The Tech - Online EditionMIT's oldest and largest
newspaper & the first
newspaper published
on the web
Boston Weather: 51.0°F | Overcast


The Need to Feed

Adrenaline, Zombies, and Jovovich

By Jumaane Jeffries

staff writer

Resident Evil

Written and directed by Paul Anderson

Starring Milla Jovovich, Michelle Rodriguez

Rated R, 100 minutes

The fickle American movie audience has finally embraced the practice of live-action cinematic adaptation of video games. Or has it? Don’t be fooled; the financially successful Mortal Kombat and Tomb Raider were merely movies based on video games inspired by live-action films. This year’s entrant in the console movie sweepstakes is Resident Evil, based on Capcom’s twisted, bloody foray into the world of survival horror. While at times chilling and visually stunning, this movie itself falls prey to vicious beasts of its own, namely formulas and clichÉs.

This version of Resident Evil wastes no time in getting down to the nitty-gritty. We are immediately treated with the image of a scientist in a chemical protection suit handling mysterious chemicals. After he sabotages the Umbrella Corporation laboratory by breaking a glass vial, we see him rush beyond the ultimately doomed staff of what seems like an urban high-rise office building. Chaos ensues, causing the scientists to become trapped.

Suddenly, we see a gratuitously nude woman (Jovovich), unconscious and apparently amnesia-stricken.
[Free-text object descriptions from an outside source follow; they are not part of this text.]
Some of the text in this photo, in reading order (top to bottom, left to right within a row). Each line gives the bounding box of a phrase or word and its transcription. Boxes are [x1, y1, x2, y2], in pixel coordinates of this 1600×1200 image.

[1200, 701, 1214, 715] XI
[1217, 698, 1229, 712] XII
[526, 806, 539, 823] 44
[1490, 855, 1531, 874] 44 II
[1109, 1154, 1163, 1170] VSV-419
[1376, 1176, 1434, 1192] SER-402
As soon as she puts on her obligatory bright red heroine’s blouse, she is met by several shadowy armed figures in riot gear, who need her help to reach the disaster site, known as “The Hive,” in order to prevent the spread of the deadly T-virus into Raccoon City.

The plight of the zombies as they struggle in futility to survive sets the tone amidst an eerily gray and metallic environment with an artificial view. The most heartless killer in the entire movie, it can be argued, is the laboratory’s artificial intelligence. After you witness her gory cookie-cutter algorithm, you’ll see why.
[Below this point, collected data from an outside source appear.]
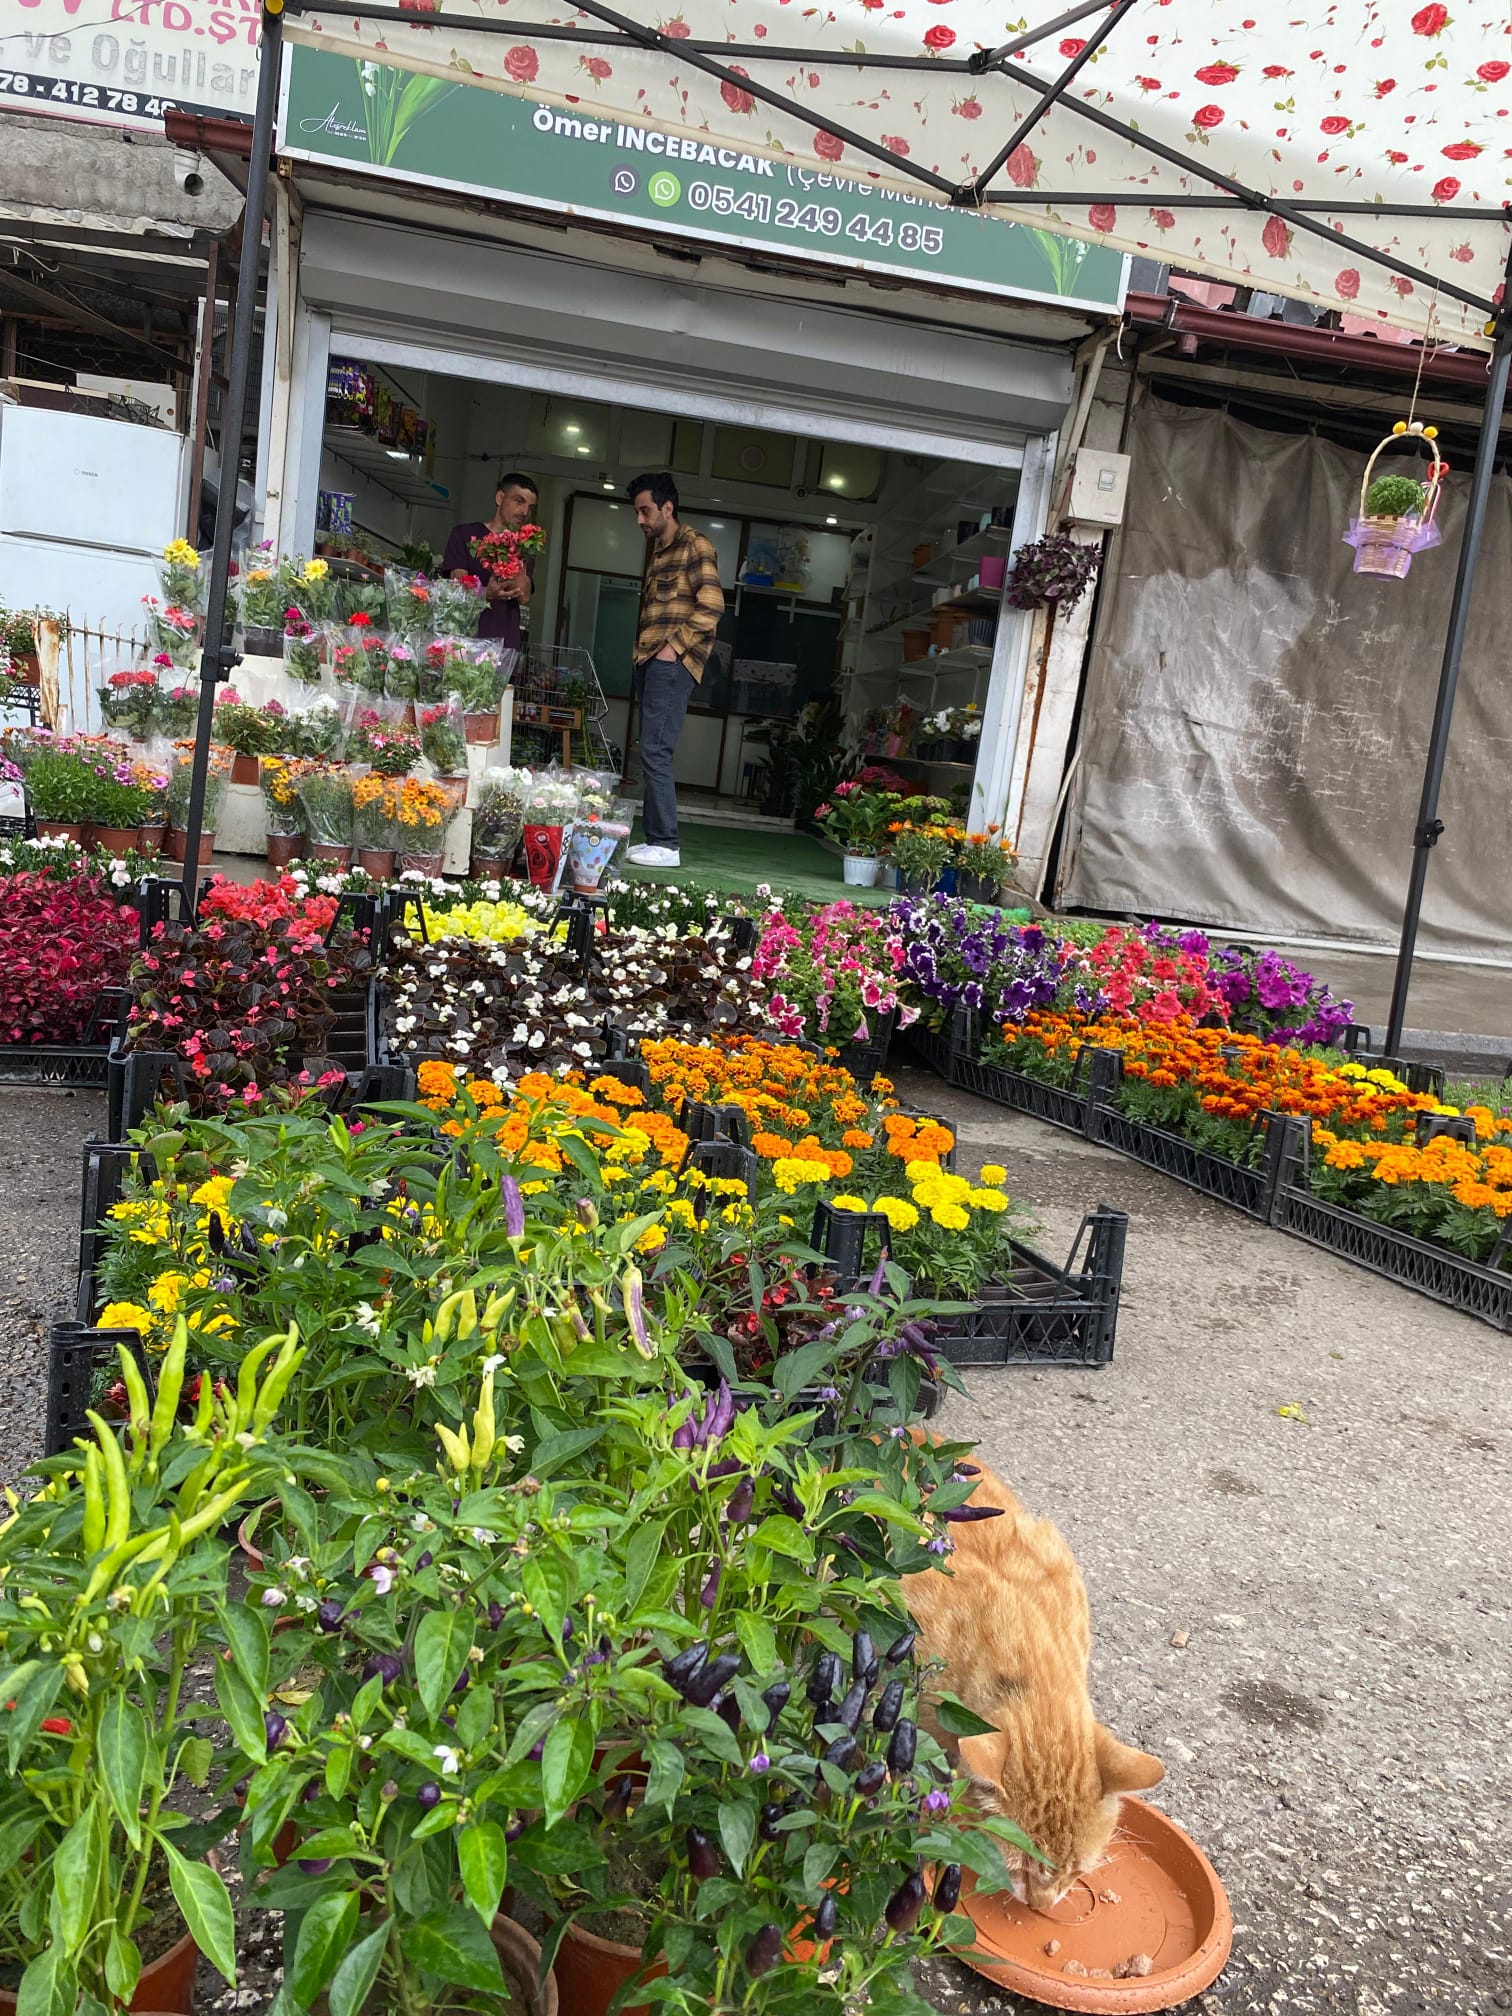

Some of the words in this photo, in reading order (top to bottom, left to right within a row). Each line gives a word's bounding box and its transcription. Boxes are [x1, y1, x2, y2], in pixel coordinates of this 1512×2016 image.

[24, 31, 72, 64] ve
[51, 82, 99, 105] 412
[107, 91, 138, 112] 78
[533, 103, 612, 144] Ömer
[688, 181, 771, 223] 0541
[775, 199, 843, 235] 249
[846, 213, 893, 246] 44
[898, 225, 944, 255] 85
After quite a buildup, the epic battle against the bio-horde is a bit of a letdown. The remaining team is unsure what to make of the zombies, and feisty femme-fatale Rain (Rodriguez) pays for it with a piece of her thumb. Afterwards, director Paul W.S. Anderson attempts to create tension through repeated close calls with a giant horde of blood-feeding zombies, inciting a mass wave of gunfire while managing to avoid a bloodletting carnival. The recovery team members are always at the brink of becoming human chum, and somehow escape. What’s perplexing is the predictable and often infeasible manner in which they do, and I say this even after I incorporate the perspective of the video game.

As is typical of a horror film, character development takes a backseat to the action. However, the zombies seem to be more of a source of symbolism than outrageous bloodshed, revealing insight into the plot, and perhaps human nature in general. It would be useful if the plot weren’t so stagnant.

The movie begins with full chaos and remains fully chaotic, without ever truly developing. Frequent, quick-cutting flashbacks reveal the memory recovery of our two amnesiac protagonists. But they don’t change how we feel about them; they’re all Umbrella agents, they’re all subversive in some way. The archetypal cast, evocative of Final Fantasy: The Spirits Within (with the same plot, in many ways), and the trite, unnatural dialogue don’t exactly help their struggle either. Even the highly developed Red Queen AI, whose little girl personage is never expounded upon, spouts catch phrases like “the need to feed.”

The film also confines itself to its horror formula, which sometimes works very well and at other times is a hindrance. There are several montage sequences, or more simply, fakeout scenes, in which the expected doesn’t happen. They generate tension fairly well, even if they are false alarms.

However, the other tried-and-true elements give the film a somewhat predictable quality. The excessive body count is an understandable given, but you know that the camera’s going to focus on the eyes of the first awakening zombie. You know that Kaplan (Crewes) is going to survive after he valiantly proclaims his perseverance. You know you can’t run away from a big-ass monster like that so easily, etc.

On its own, Resident Evil turns out to be just another futuristic horror film, period. It also has a somewhat unfortunate attachment to a video game, which comes with the responsibility to win over a general audience (possibly with Jovovich’s shapely body), and to appease the game’s fans.

Ultimately, while its violence is barely excessive enough to make you cringe, its plot is not dynamic enough to make you truly care. If you’re looking a cheap thrill ride, Resident Evil can adequately conjure your adrenaline. If not, then avoid this one like the T-virus.